Archivbild. 17.10.2021, Berlin: Robert Habeck, Bundesvorsitzender von Bündnis 90/Die Grünen, spricht beim Außerordentlichen Länderrat der Grünen zum Ergebnis der Sondierungsgespräche sowie zur Aufnahme von Koalitionsverhandlungen nach der Bundestagswahl. (DPA)

Die Besetzung von Ministerposten und der Zuschnitt von Ministerien sind laut Grünen-Chef Robert Habeck in den bisherigen Gesprächen zur Bildung einer Regierung mit SPD und FDP noch kein Thema gewesen. „Das haben wir uns für das Ende der Verhandlungen aufgehoben“, sagte Habeck am Sonntagabend in der ARD-Sendung „Anne Will“.

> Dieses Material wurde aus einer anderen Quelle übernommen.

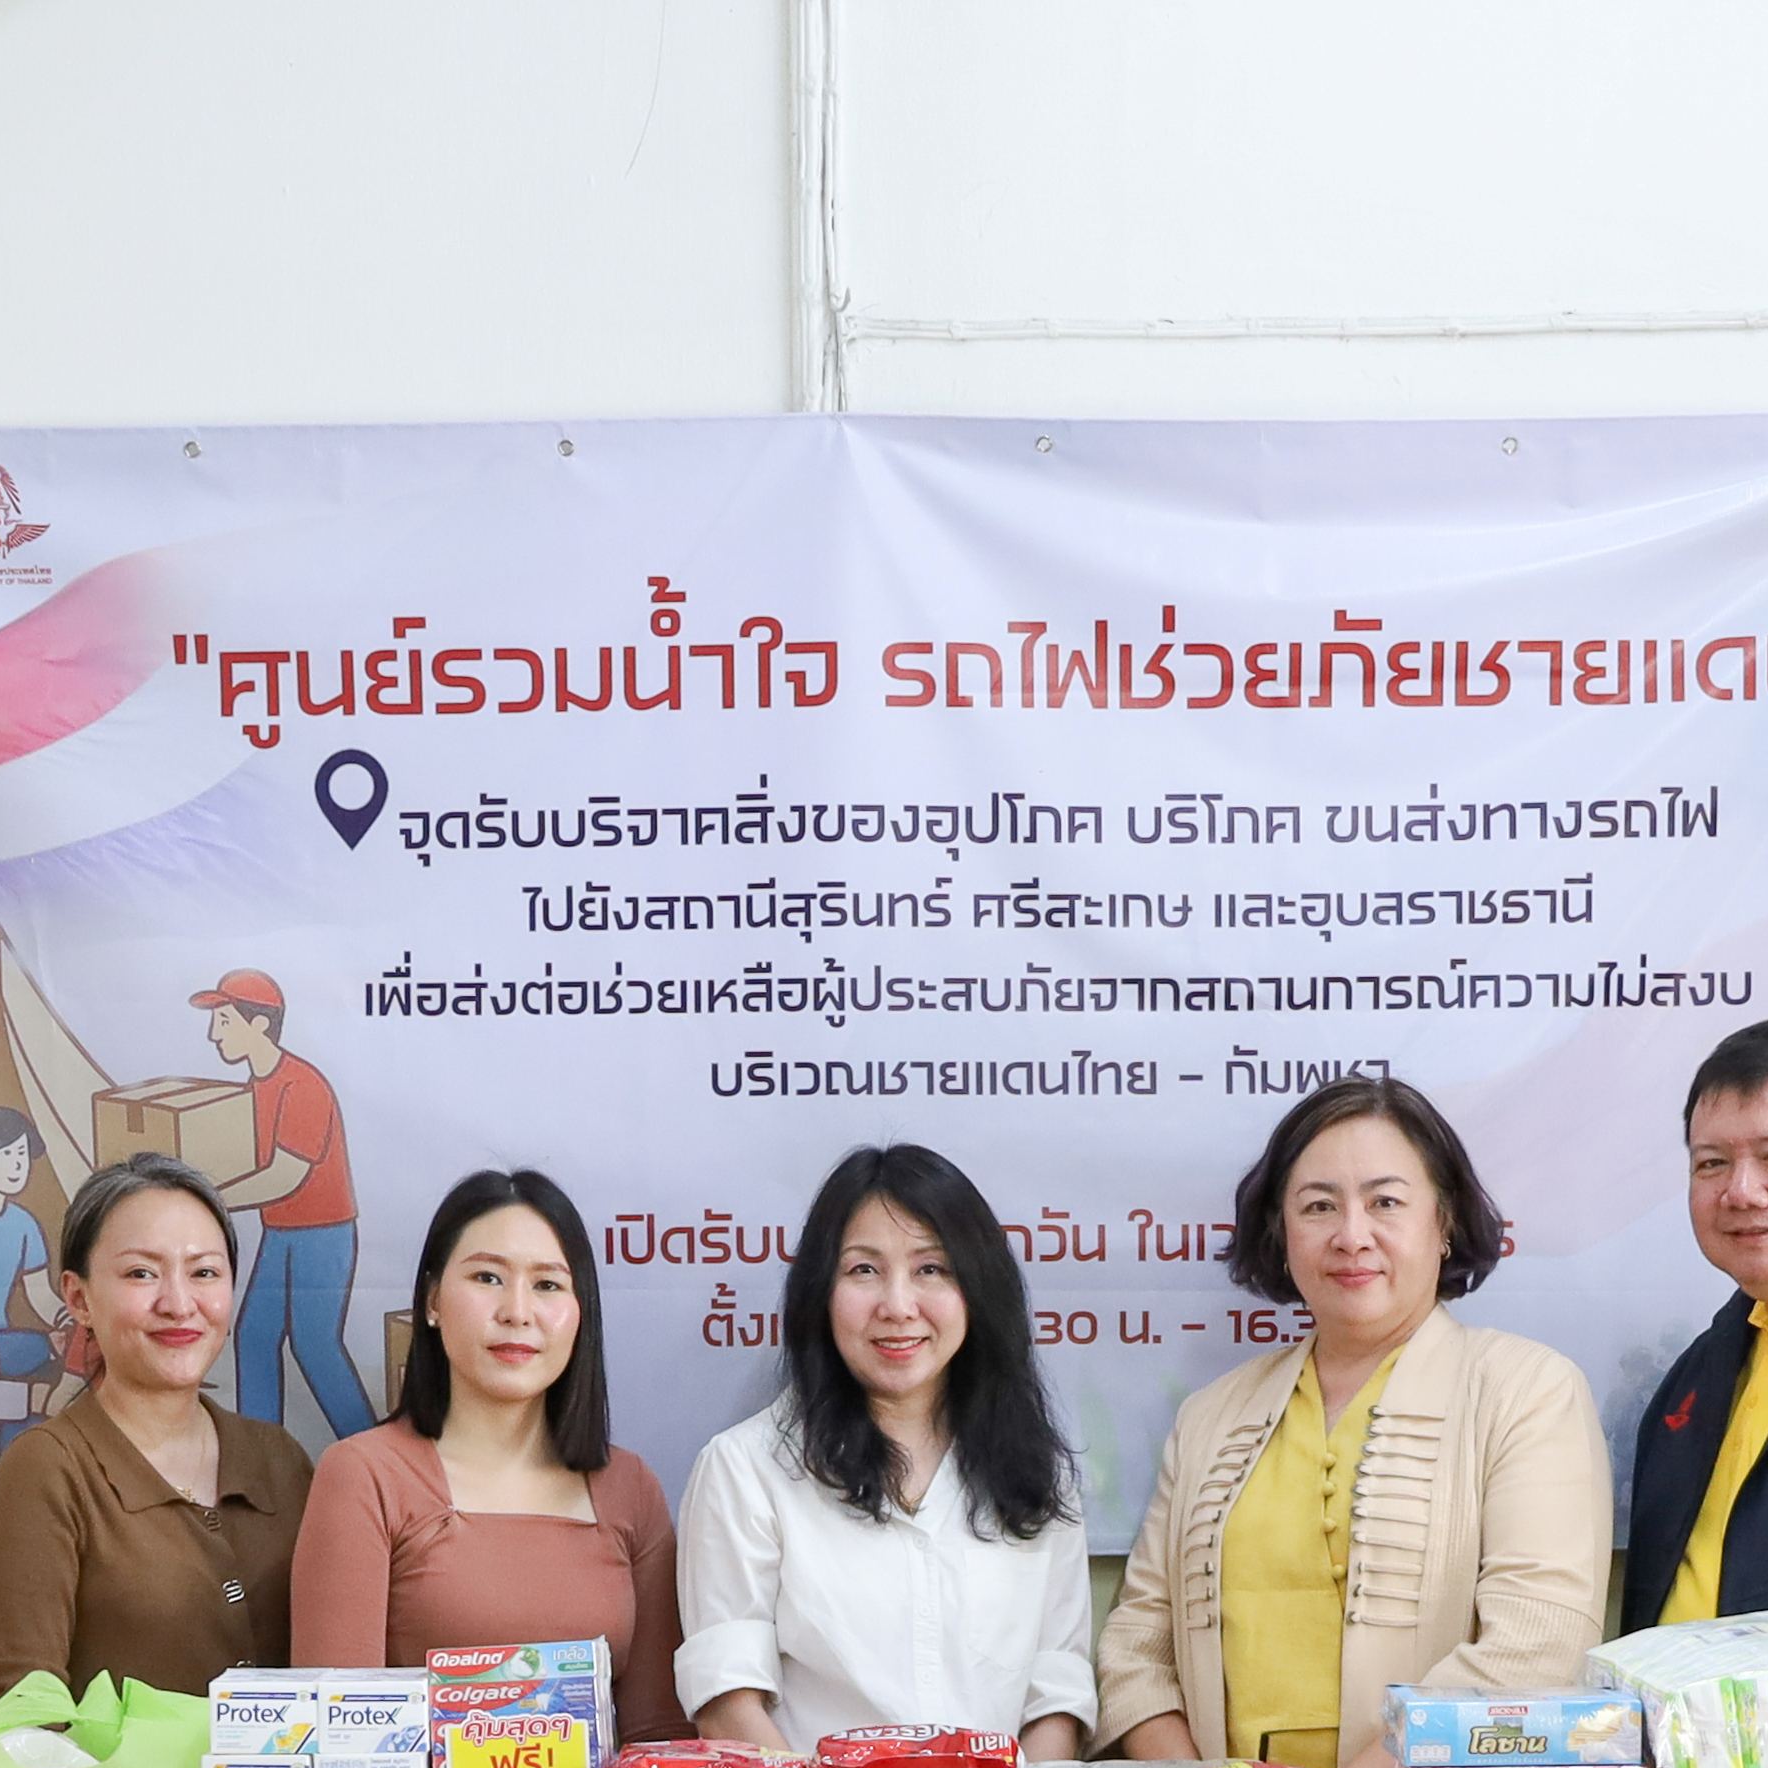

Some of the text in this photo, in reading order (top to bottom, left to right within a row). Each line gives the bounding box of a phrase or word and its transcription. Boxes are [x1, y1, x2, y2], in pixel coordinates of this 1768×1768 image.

Sowohl die Grünen als auch die FDP haben Interesse am Finanzministerium. Damit steht die Frage im Raum, welche Zugeständnisse die Partei, die es am Ende besetzen wird, der anderen machen müsste.
„Es gibt keine Koppelungsgeschäfte, auch über das Finanzministerium ist nicht gesprochen worden, das ist alles Schattenboxen“, beteuerte Habeck. „Wir haben nur über Inhalte geredet, nicht über Personen und nicht über Ressorts. Und das ist auch richtig so.“ Er setzte hinzu: „Ich würde hier nie die Unwahrheit erzählen.“
Sowohl Habeck als auch SPD-Kanzlerkandidat Olaf Scholz verteidigten das Ergebnis der Sondierungen gegen Kritik. „So wie es jetzt aussieht, wird man damit die Klimaziele von Paris nicht erreichen“, bemängelte Claudia Kemfert vom Deutschen Institut für Wirtschaftsforschung (DIW). Es klaffe eine riesige Lücke sowohl beim Ehrgeiz als auch der Umsetzung.
Der nun nötige Ausbau der erneuerbaren Energien und der Netze sei keine „niedliche Veranstaltung“ sondern das größte Modernisierungsprojekt seit dem industriellen Schub zum Ende des 19. Jahrhunderts, sagte Scholz. „Das müssen wir jetzt hinkriegen.“ Mit einer weiteren Regierungsbeteiligung der CDU/CSU hätte dies nicht geklappt, so Scholz.
Habeck räumte ein, dass mangelnder Klimaschutz insbesondere der Glaubwürdigkeit der Grünen schaden würde, betonte aber, dies sei eine Aufgabe für die gesamte künftige Regierung.